Replace the "match u32 0 0" with something which matches on broadcast
frames.  Maybe "flower dst_mac ff:ff:ff:ff:ff:ff"

So there is a software solution. Now accelerate it.

> 2. Is there any chance of keeping devlink solution untill the

> discussed (storm control implemented in the bridge driver) mechanism

> will be ready/implemented?


No. Please do it correctly from the beginning. No hacks.

    Andrew
Ido Schimmel June 13, 2021, 7:34 a.m. UTC | #3
On Fri, Jun 11, 2021 at 07:08:00PM +0200, Andrew Lunn wrote:
> On Fri, Jun 11, 2021 at 01:19:13PM +0000, Oleksandr Mazur wrote:

> > >>  On Wed, Jun 09, 2021 at 06:16:00PM +0300, Oleksandr Mazur wrote:

> > > Storm control (BUM) provides a mechanism to limit rate of ingress

> > > > port traffic (matched by type). Devlink port parameter API is used:

> > > > driver registers a set of per-port parameters that can be accessed to both

> > > > get/set per-port per-type rate limit.

> > > > Add new FW command - RATE_LIMIT_MODE_SET.

> > 

> > > Hi Oleksandr

> > 

> > > Just expanding on the two comments you already received about this.

> > 

> > > We often see people miss that switchdev is about. It is not about

> > > writing switch drivers. It is about writing network stack

> > > accelerators. You take a feature of the Linux network stack and you

> > > accelerate it by offloading it to the hardware. So look around the

> > > network stack and see how you configure it to perform rate limiting of

> > > broadcast traffic ingress. Once you have found a suitable mechanism,

> > > accelerate it via offloading.

> > 

> > > If you find Linux has no way to perform a feature the hardware could

> > > accelerate, you first need to add a pure software version of that

> > > feature to the network stack, and then add acceleration support for

> > > it.

> > 

> > 

> > Hello Andrew, Ido, Nikolay,

> > I appreciate your time and comments provided over this patchset, though i have a few questions to ask, if you don't mind:

> > 

> 

> > 1. Does it mean that in order to support storm control in switchdev

> > driver i need to implement software storm control in bridge driver,

> > and then using the switchdev attributes (notifiers) mechanism

> > offload the configuration itself to the HW?

> 

> Hi Oleksandr

> 

> Not necessarily. Is storm control anything more than ingress packet

> matching and rate limiting?

> 

> I'm not TC expert, but look for example at

> https://man7.org/linux/man-pages/man8/tc-police.8.html

> 

> and the example:

> 

> # tc qdisc add dev eth0 handle ffff: ingress

> # tc filter add dev eth0 parent ffff: u32 \

>                    match u32 0 0 \

>                    police rate 1mbit burst 100k

> 

> Replace the "match u32 0 0" with something which matches on broadcast

> frames.  Maybe "flower dst_mac ff:ff:ff:ff:ff:ff"

> 

> So there is a software solution. Now accelerate it.

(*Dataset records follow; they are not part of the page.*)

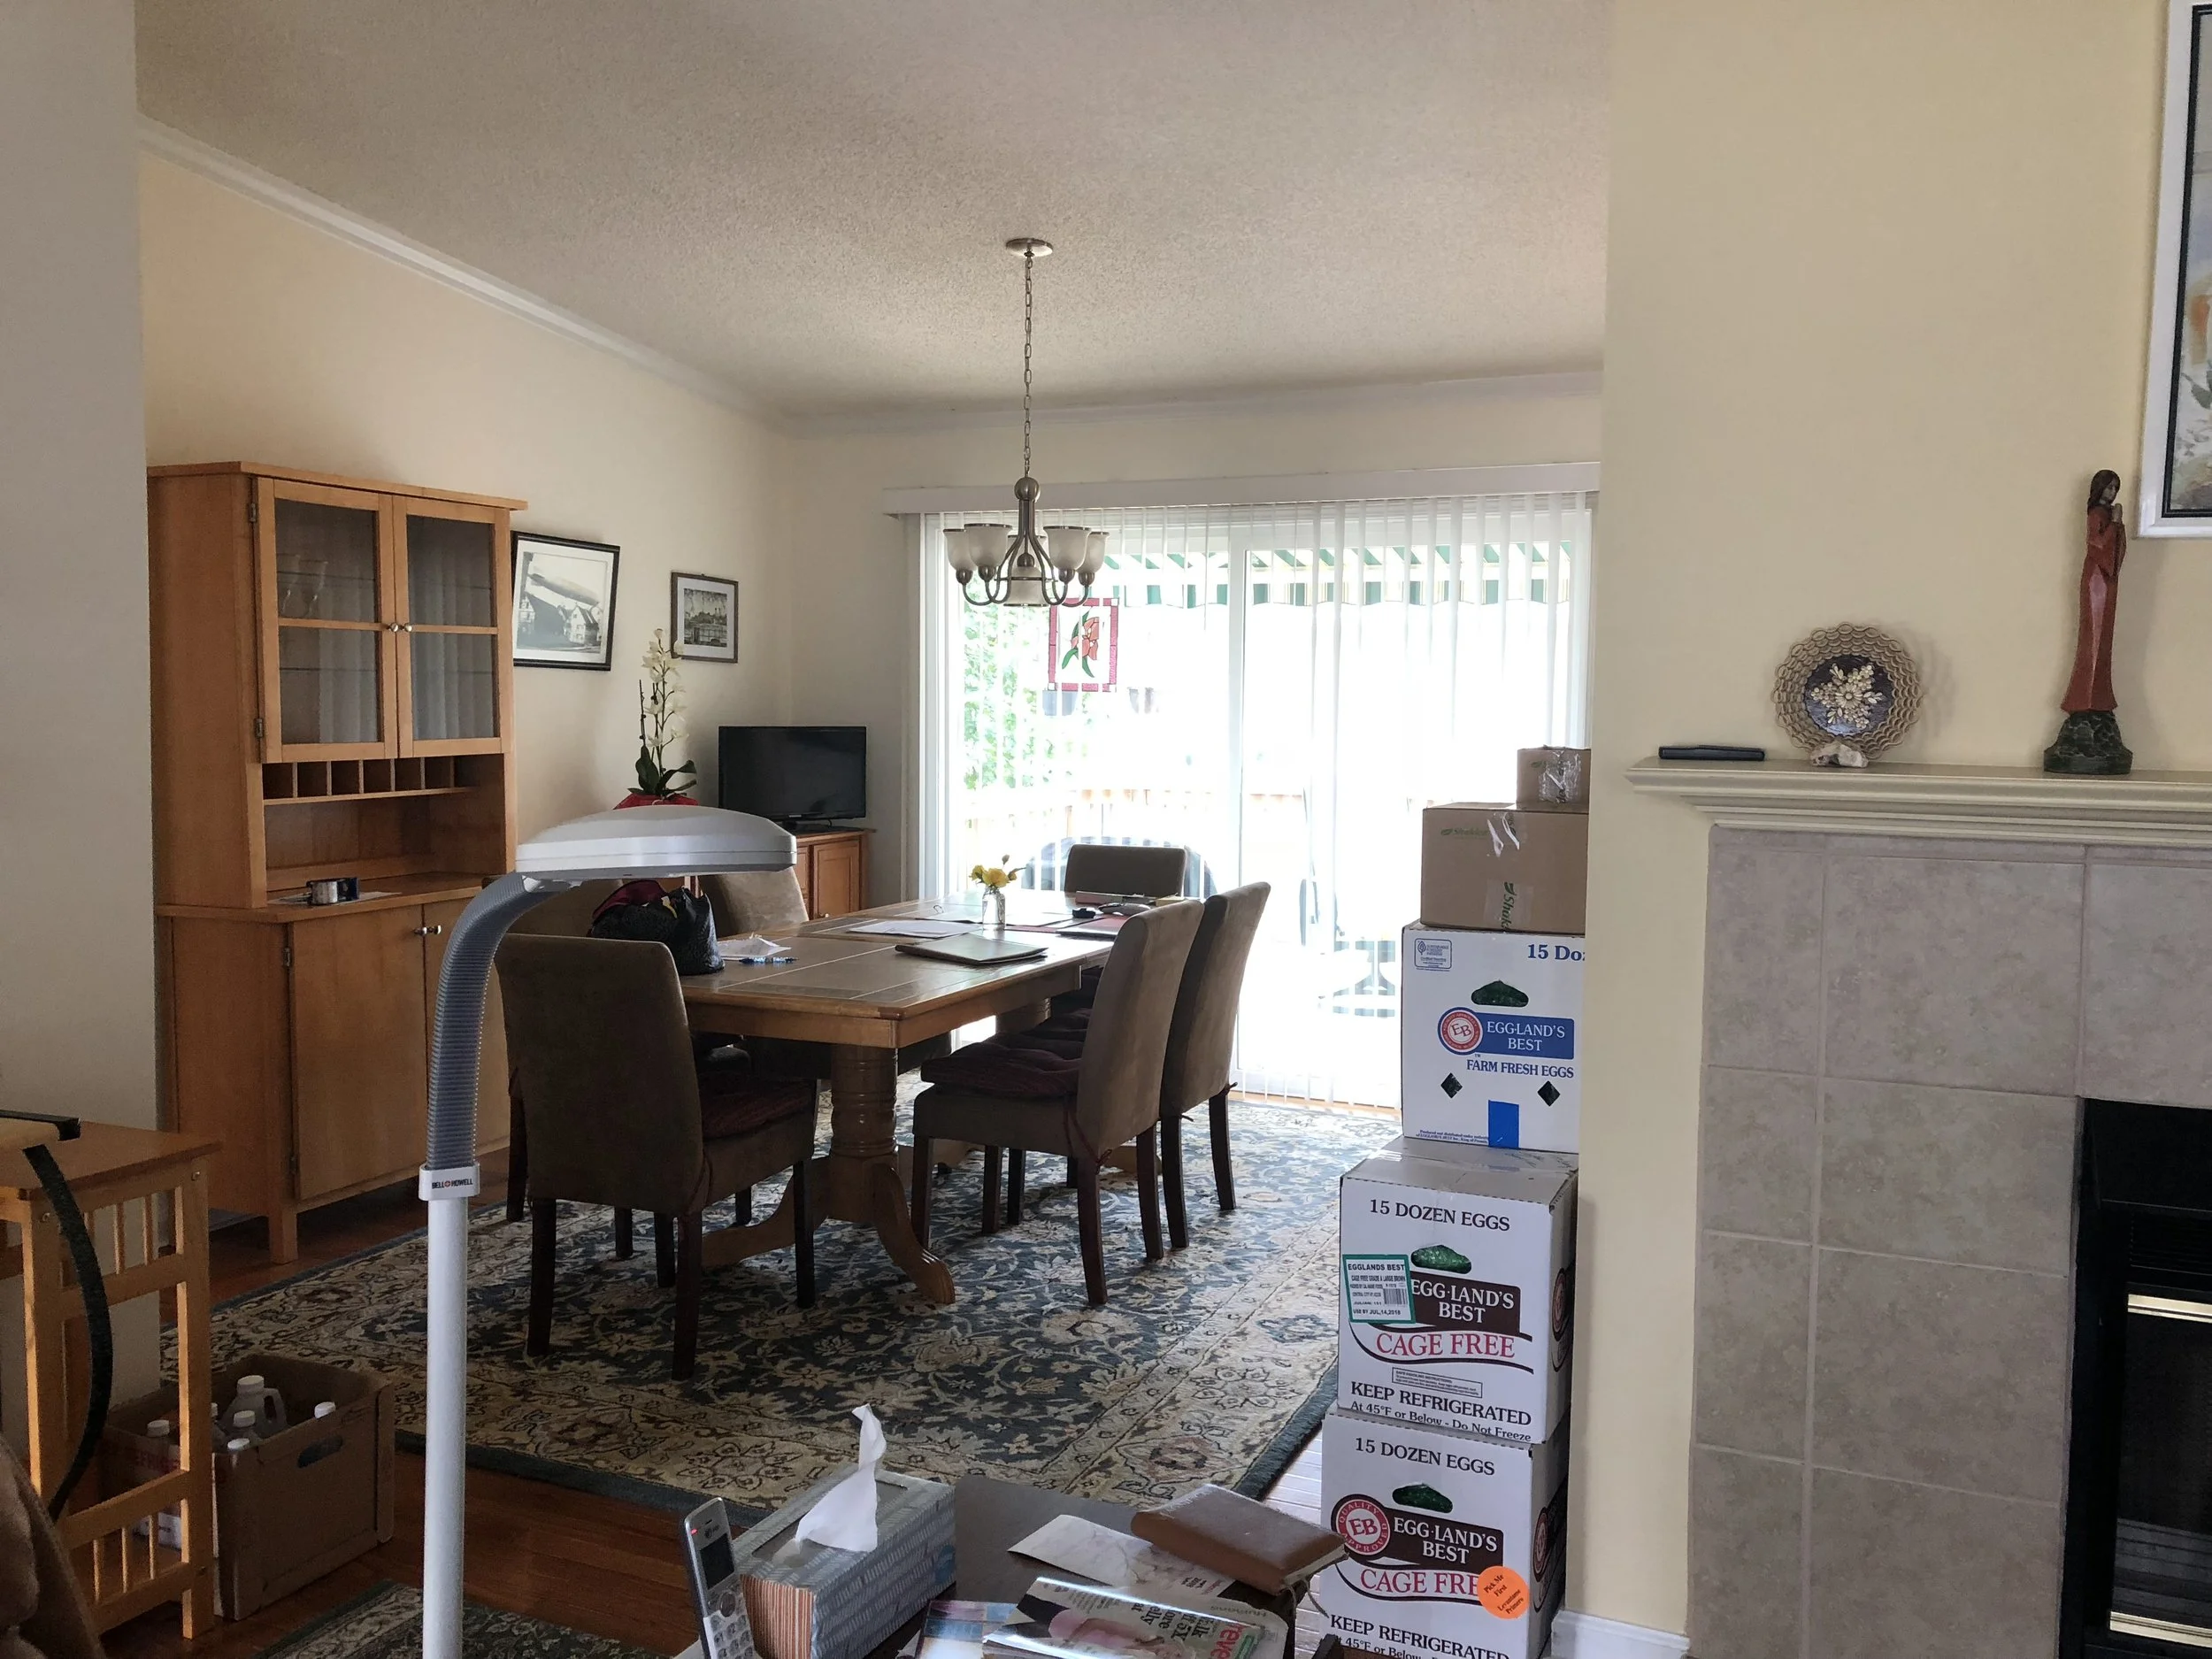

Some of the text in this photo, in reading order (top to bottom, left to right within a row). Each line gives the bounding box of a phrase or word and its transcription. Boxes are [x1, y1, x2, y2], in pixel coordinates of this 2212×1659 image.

[1502, 895, 1516, 929] Shak
[1527, 944, 1548, 959] 15
[1508, 1039, 1542, 1051] BEST
[1466, 1060, 1574, 1078] FARM FRESH EGGS
[1371, 1199, 1509, 1231] 15 DOZEN EGGS
[1439, 1302, 1486, 1323] BEST
[1377, 1333, 1515, 1357] CAGE FREE
[1351, 1382, 1395, 1402] KEEP
[1400, 1390, 1531, 1425] REFRIGERATED
[1351, 1402, 1363, 1411] At
[1394, 1409, 1407, 1419] or
[1409, 1407, 1442, 1425] Below
[1452, 1419, 1468, 1430] Do
[1471, 1425, 1492, 1435] Not
[1495, 1428, 1531, 1442] Freeze
[1356, 1438, 1495, 1475] 15 DOZEN EGGS
[1340, 1502, 1379, 1524] QUALITY
[1423, 1541, 1469, 1563] BEST
[1361, 1570, 1479, 1596] CAGE FRE
[1494, 1585, 1508, 1597] First
[1330, 1615, 1374, 1636] KEEP
[1373, 1646, 1386, 1655] or

Storm control also needs the ability to limit other types of flooded
traffic such unknown unicast and unregistered multicast packets. The
entity which classifies packets as such is the bridge, which happens
after the ingress hook.

I see two options to support storm control in Linux:

1. By adding support in the bridge itself as a new bridge slave option.
Something like:

# ip link set dev swp1 type bridge_slave \
	storm_control type { uuc | umc | bc} rate RATE mode { packet | byte }

I suspect this similar to more traditional implementations that users
might be used to and also maps nicely to hardware implementations

2. Teaching tc to call into the bridge to classify a packet. Not sure a
whole new classifier is needed for this. Maybe just extend flower with a
new key: dst_mac_type { uuc | umc }. I personally find this a bit weird,
but it is more flexible and allows to reuse existing actions

> 

> > 2. Is there any chance of keeping devlink solution untill the

> > discussed (storm control implemented in the bridge driver) mechanism

> > will be ready/implemented?

> 

> No. Please do it correctly from the beginning. No hacks.


+1
Oleksandr Mazur June 17, 2021, 5:30 p.m. UTC | #4
> Prestera Switchdev driver implements a set of devlink-based features,
> that include both debug functionality (traps with trap statistics), as well
> as functional rate limiter that is based on the devlink kernel API (interfaces).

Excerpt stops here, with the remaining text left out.